In 2018, two boys were suspended from boarding school Millfield School after beating a younger boy with a bat and a belt as part of an inauguration ritual.

And in 2020, another cruel case emerged when a 14-year-old French-born boy was found hanged at the English boarding school Windermere after gross bullying, where his pillow, among other things, had been smeared into feces. It costs over 260,000 kroner to go to school.


Prince Harry as he walked on Eton.

Prince Harry as he walked on Eton.
Photo: KIRSTY WIGGLESWORTH

show more

Also in Sweden it has been completely crazy. Here, the accusations against the elite boarding school Lundsberg, where the Swedish prince Carl Philip has gone, have been so bad that the school had to be closed for half a year.

It turned out that several students had been branded with an iron after violent inauguration rituals.

The burning was done in a room where the students had been asked to roll down the curtains.

The episode brought about an older discussion when the Swedish author Jan Guillou in his novel ‘Evil’ in 1981 told about his terrible years at the Swedish boarding school Solbacka.


Crown Prince Frederik and Prince Joachim have both attended private school and boarding school.  Here they are accompanied to school by father and mother on their first day of school at Krebs School in Copenhagen.

Crown Prince Frederik and Prince Joachim have both attended private school and boarding school.

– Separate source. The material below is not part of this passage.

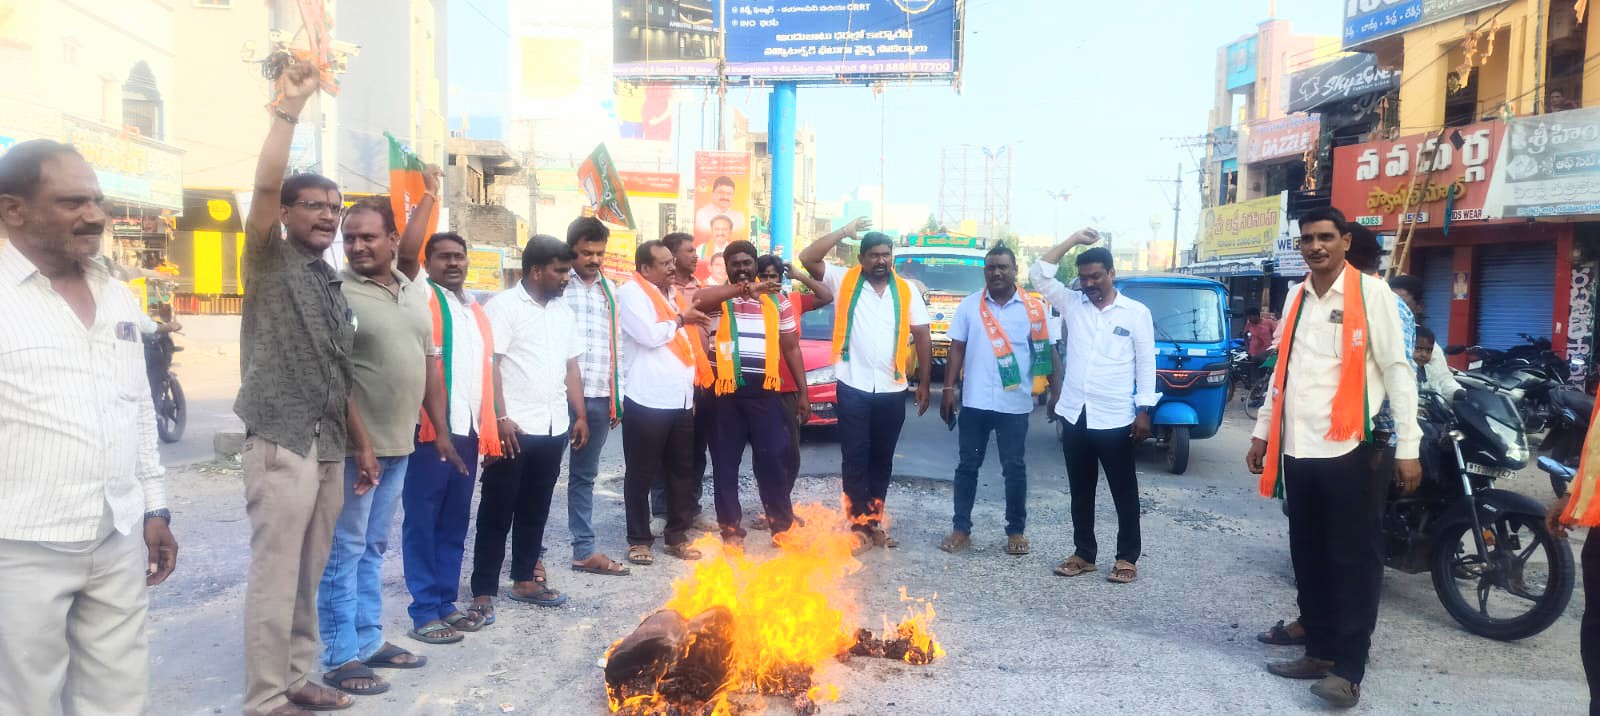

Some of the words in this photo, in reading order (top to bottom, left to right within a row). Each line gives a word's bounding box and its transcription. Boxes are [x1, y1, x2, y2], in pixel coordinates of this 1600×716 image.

[920, 60, 950, 71] 17700
[1527, 122, 1548, 154] శ్రీ
[1463, 208, 1483, 219] WEAR
[1278, 239, 1292, 250] WE

Here they are accompanied to school by father and mother on their first day of school at Krebs School in Copenhagen.
Photo: SVEND ÅGE MORTENSEN

show more

“My experience is that in such a school there were two ways to survive. One was rebellion but was associated with physical pain and punishment. The second was total submission. There is no middle ground between the two options, “he said recently in an interview with Berlingske.

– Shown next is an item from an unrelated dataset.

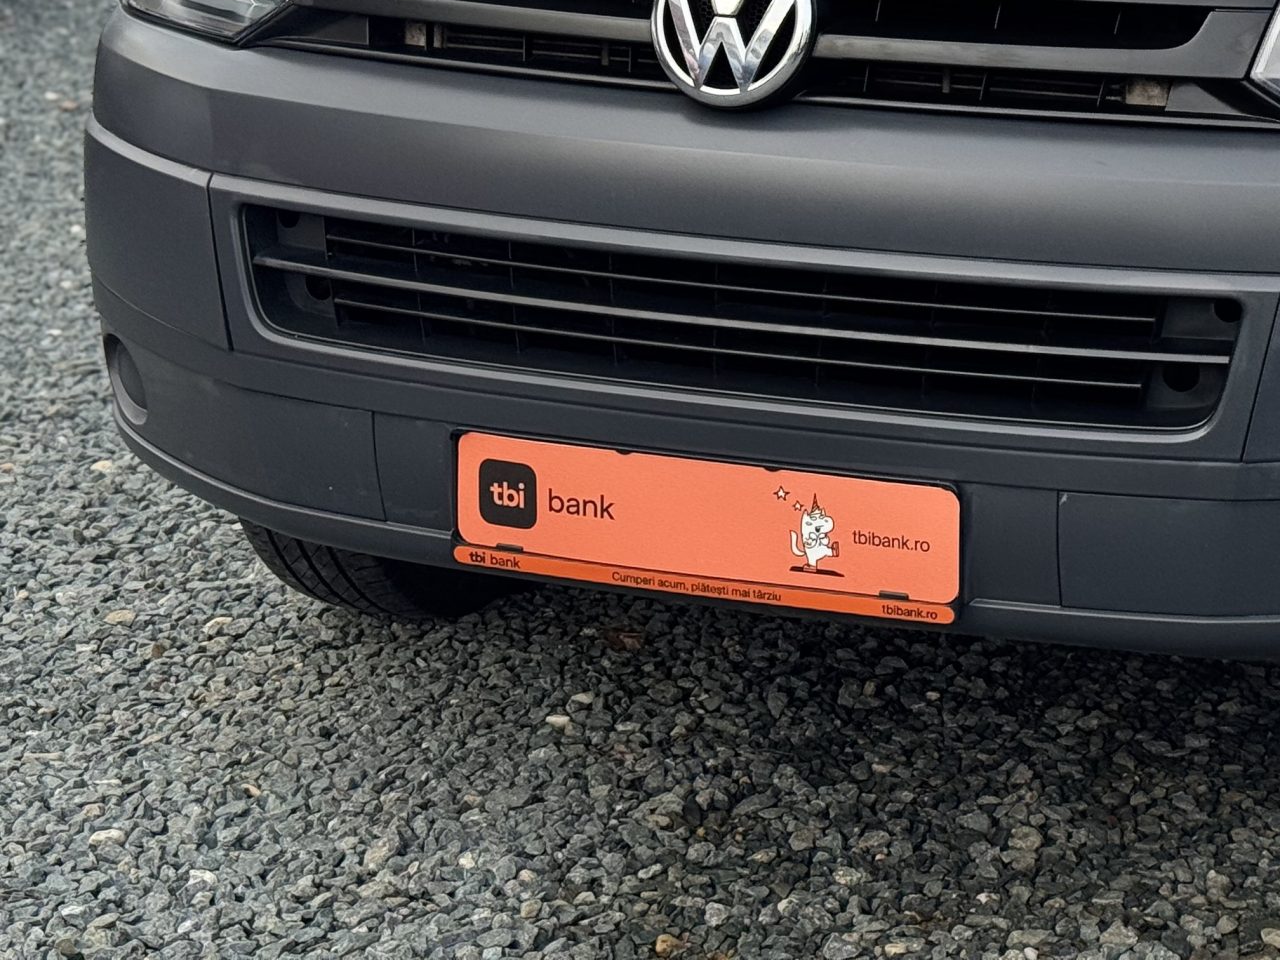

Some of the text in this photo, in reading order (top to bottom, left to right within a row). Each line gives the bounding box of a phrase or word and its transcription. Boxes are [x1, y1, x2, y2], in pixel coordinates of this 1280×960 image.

He has repeatedly advocated the closure of boarding schools, as he does not believe it is possible to change culture. For both students and parents want, according to Guillou, to maintain the system and the grotesque pick order, which others have described as a ‘survival of the fittest’, where children brought up on each other and where the most powerful bullied the less powerful.

In Britain, which is considered the motherland of boarding schools, the discussion has also raged regularly.

Boarding schools – and expensive private schools – are so widespread in the UK that they not only constitute a major bullying culture, but also help to create greater social inequality.


Prince William on his first day of school at Eton.

Prince William on his first day of school at Eton.
Photo: SIMON KREITEM

show more

While only six per cent of British school children go to private school, it can be seen that a very large proportion in the top of society have gone to private school – including Prime Minister Boris Johnson and former Prime Minister David Cameron.

In addition, students from the private top schools also find it easier to get into the country’s top universities and get more in salary according to The Guardian.

A survey has shown that students born in 1970 and who went to an expensive British private school in the 90s earned 21 per cent more than those who had not gone to private school.

But the harsh environment in both the elite private schools, but especially boarding schools, also has a price, psychologists have shown.


Herlufsholm Boarding School a little outside Næstved has created outrage in the past week, after several students have told about cross-border experiences with bullying and violence.

Herlufsholm Boarding School a little outside Næstved has created outrage in the past week, after several students have told about cross-border experiences with bullying and violence.
Photo: Asger Ladefoged

show more

Being sent away from one’s parents at an early age to an environment that is good academically, but which can be harsh and relentless, has, according to psychologists, created a number of emotionally blunt individuals who lack emotional intelligence. Psychologists call it the ‘boarding school syndrome’.

And it has led many to ask whether it is really the kind of people who should lead the country:

“Future politicians who are leaders of this privileged way of being abandoned often end up as bullies or thugs,” psychotherapist Nick Dufell described in The Guardian.